Dorian looked up at the watchtower, his amber eyes darkening with a sudden, intense memory. A slow, proud smile pulled at his lips. "I remember the look on my commander's face when we reached that valley five years ago," he said, his voice dropping into a low, rumbling register meant only for her.

"He expected a massacre. Instead, we found a seventeen-year-old girl standing by the campfire, holding a stolen rebel insignia, smiling because she'd already cleared the camp alone. That was the day I realized you weren't just a Luna to be protected, Ariel. You were a leader."

Rhys's jaw tightened at Dorian's words, his silver-grey eyes flashing with an unreadable emotion as he stared up at the high cliffs. He had carried her in his heart since she was a twelve-year-old girl handing him a handkerchief in the snow; he didn't need a battlefield to know her worth, but he loathed the fact that the battlefield was where she kept throwing herself.

The brief interlude was shattered as Commander Vance came rushing back from the forward scout line, his heavy boots kicking up sprays of ice. He dropped to one knee before the two kings, his face grim beneath his iron helm.

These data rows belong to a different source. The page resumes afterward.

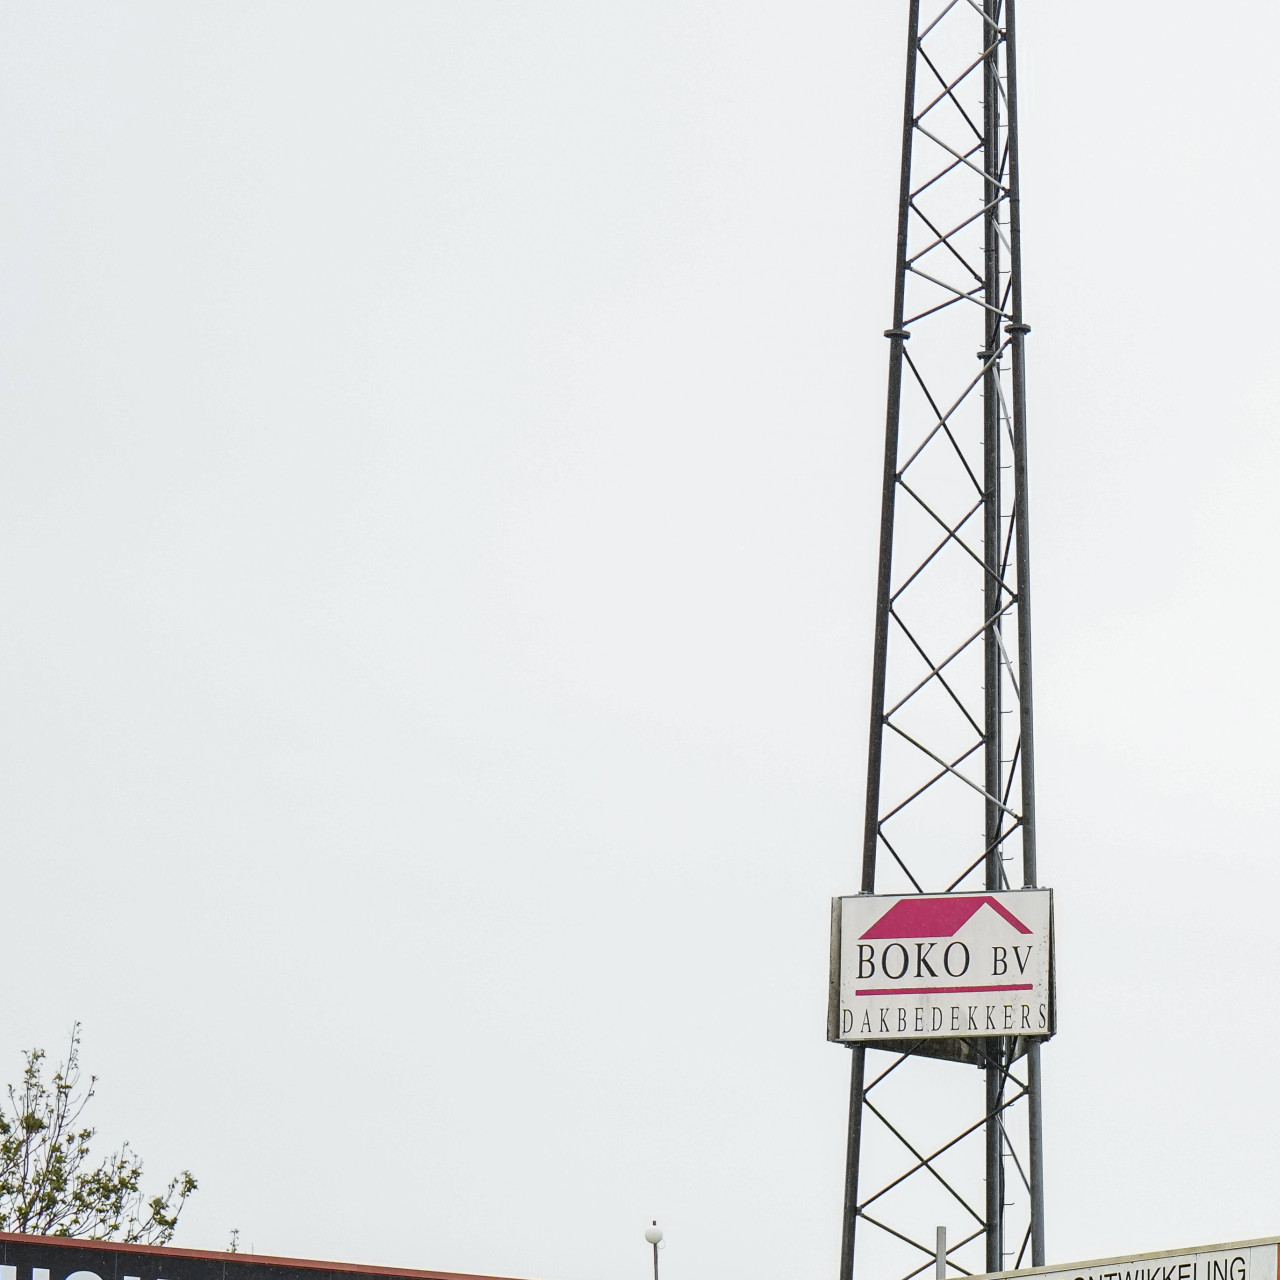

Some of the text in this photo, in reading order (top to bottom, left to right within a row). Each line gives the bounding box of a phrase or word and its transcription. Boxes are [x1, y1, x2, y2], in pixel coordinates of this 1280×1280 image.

[856, 941, 1033, 980] BOKO BV
[842, 1003, 1047, 1034] DAKBEDEKKERS
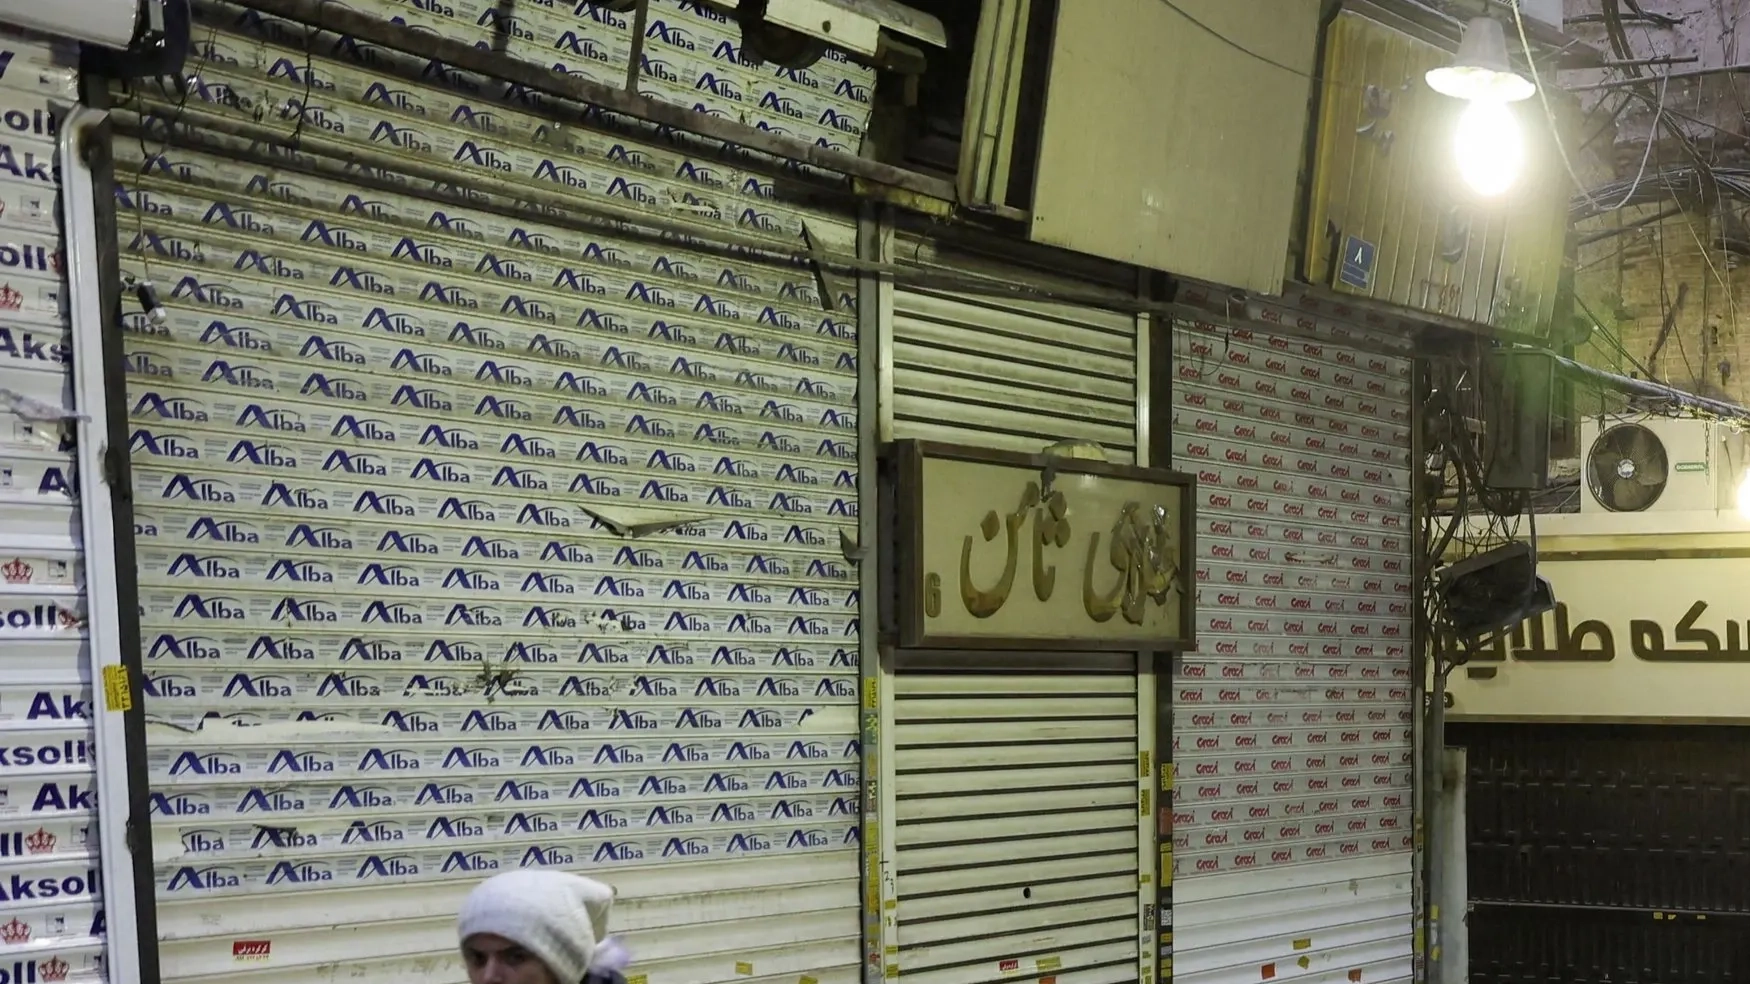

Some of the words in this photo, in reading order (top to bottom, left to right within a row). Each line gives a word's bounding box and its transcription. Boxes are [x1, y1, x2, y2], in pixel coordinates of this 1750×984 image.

[642, 20, 696, 49] Alba
[758, 92, 806, 117] Alba
[818, 108, 860, 131] Alba
[448, 105, 510, 132] Alba
[673, 161, 726, 187] Alba
[606, 177, 657, 203] Alba
[734, 208, 783, 231] Alba
[580, 242, 632, 266] Alba
[650, 256, 697, 278] Alba
[329, 265, 396, 294] Alba
[500, 295, 556, 320] Alba
[550, 268, 607, 294] Alba
[622, 280, 678, 308] Alba
[363, 307, 425, 334] Alba
[446, 322, 506, 348] Alba
[299, 335, 366, 363] Alba
[391, 348, 452, 374] Alba
[202, 360, 274, 389] Alba
[392, 385, 452, 410] Alba
[418, 424, 479, 449] Alba
[499, 433, 557, 457] Alba
[321, 449, 388, 476] Alba
[410, 458, 470, 483] Alba
[491, 466, 548, 490] Alba
[162, 475, 235, 503] Alba
[515, 503, 570, 527] Alba
[286, 523, 352, 549] Alba
[612, 546, 664, 568] Alba
[682, 549, 728, 571] Alba
[168, 552, 240, 578] Alba
[593, 576, 644, 597] Alba
[663, 580, 710, 600] Alba
[925, 571, 941, 618] 6
[173, 593, 246, 620] Alba
[362, 600, 422, 624] Alba
[147, 633, 220, 660] Alba
[423, 638, 484, 662] Alba
[558, 675, 610, 696] Alba
[694, 677, 740, 696] Alba
[461, 708, 517, 732] Alba
[675, 708, 722, 728] Alba
[358, 747, 419, 771] Alba
[592, 743, 644, 764] Alba
[786, 740, 828, 758] Alba
[494, 779, 550, 802] Alba
[568, 776, 620, 798] Alba
[577, 808, 628, 830] Alba
[646, 804, 693, 826] Alba
[592, 840, 644, 862] Alba
[662, 836, 709, 857] Alba

"Sire, Lord Evernight," Vance reported, his voice tight. "The scouts have returned. The rogue factions have anticipated a vanguard attempt. They've strung specialized ward-wires across the narrowest pass ahead—weighted with silver-laced nets and sound-charms. If a single horse or a full-grown Alpha wolf breaks the perimeter, the alarm will sound instantly. The bottleneck will become a slaughterhouse, and they'll execute the hostages before we can breach the valley."

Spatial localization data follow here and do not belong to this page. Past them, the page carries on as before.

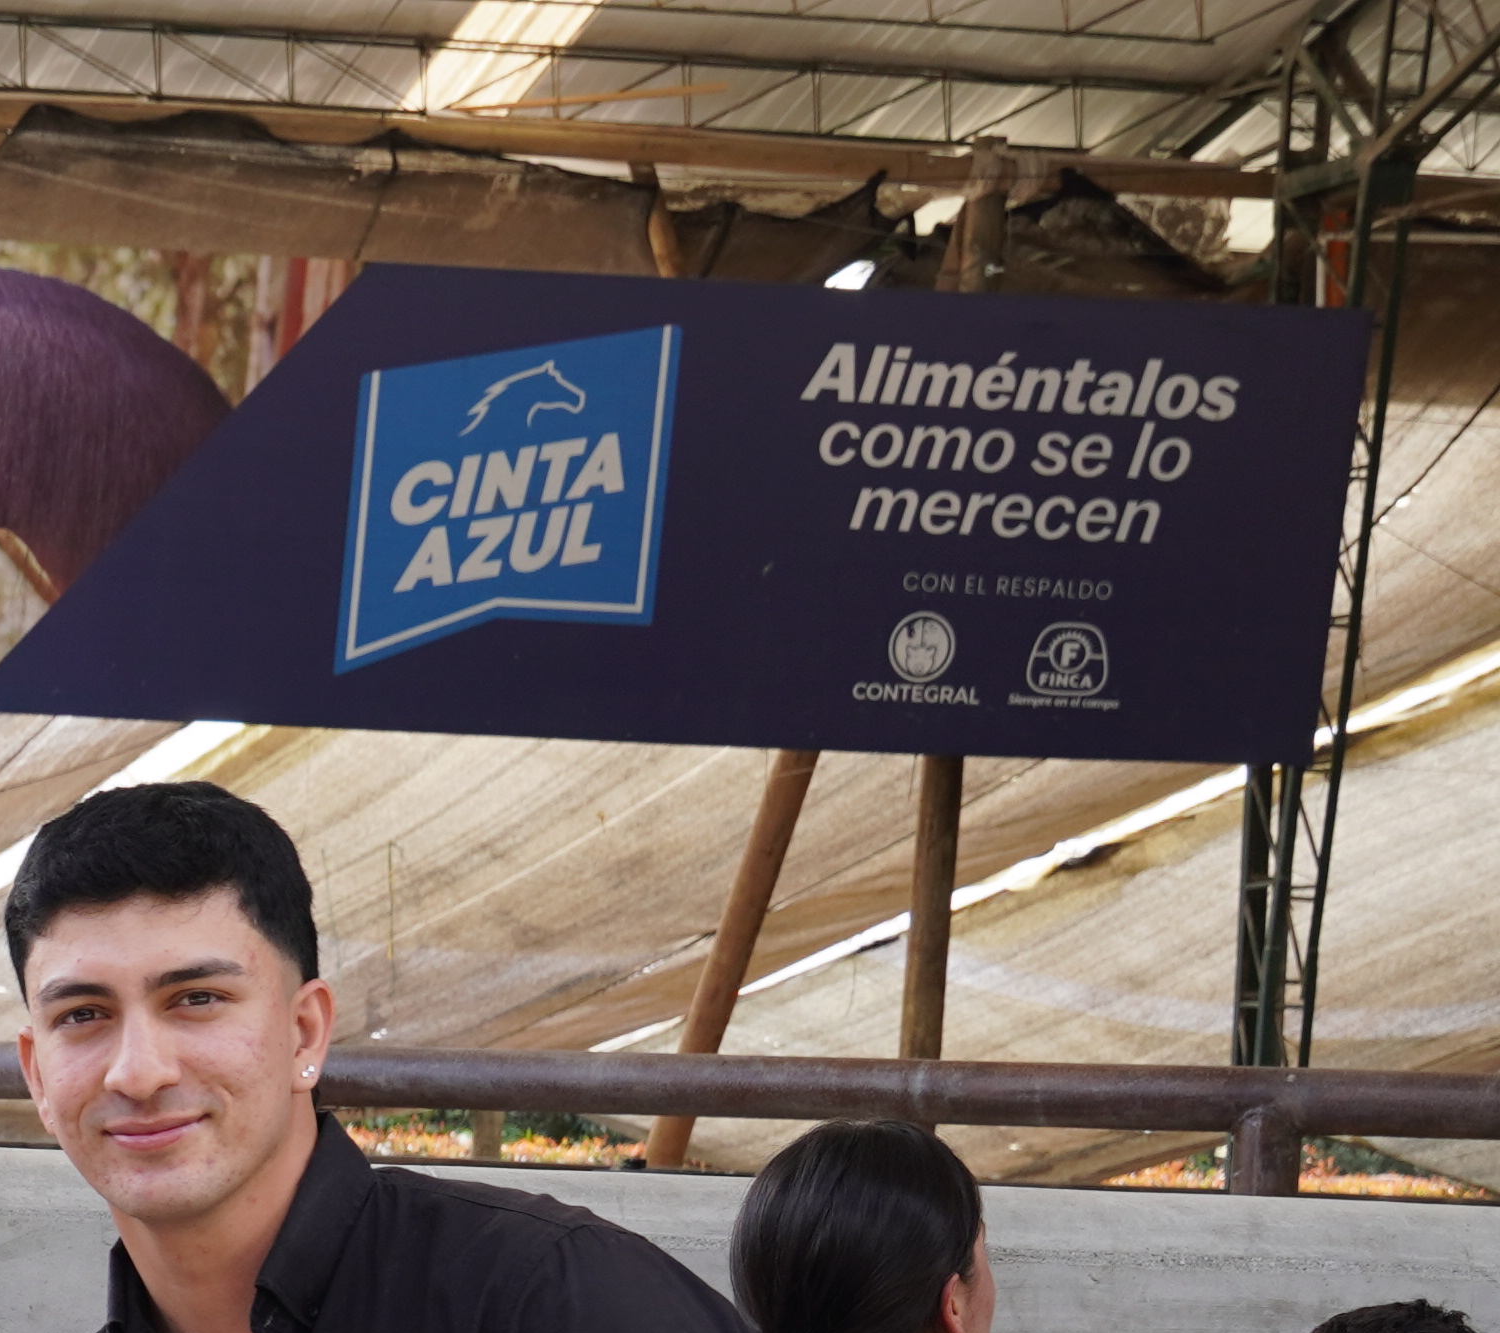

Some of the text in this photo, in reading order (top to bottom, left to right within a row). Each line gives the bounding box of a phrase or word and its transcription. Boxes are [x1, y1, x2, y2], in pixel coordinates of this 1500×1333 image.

[800, 342, 1241, 422] Aliméntalos
[390, 432, 625, 526] CINTA
[818, 421, 1193, 483] como se lo
[849, 486, 1162, 544] merecen
[393, 502, 602, 593] AZUL
[903, 571, 1114, 601] CON EL RESPALDO
[852, 681, 981, 706] CONTEGRAL
[1038, 672, 1093, 689] FINCA

Dorian's hand instantly flew to the hilt of his broadsword, his muscles coiling tightly beneath his armor. "Then we charge through the nets and take the losses. My vanguard can break those lines before they have time to draw their daggers."

"No," Rhys intercepted coldly, his strategic mind already mapping the structural limitations of the terrain. "The watchtower operates the master release winch for those nets. If we disable the winch from above, the tripwires drop into the canyon, dead and useless. But look at the cliffside face. It's a vertical sheet of black ice. It's too narrow, too slick. A full-sized warrior will lose his footing and trigger the rockfall."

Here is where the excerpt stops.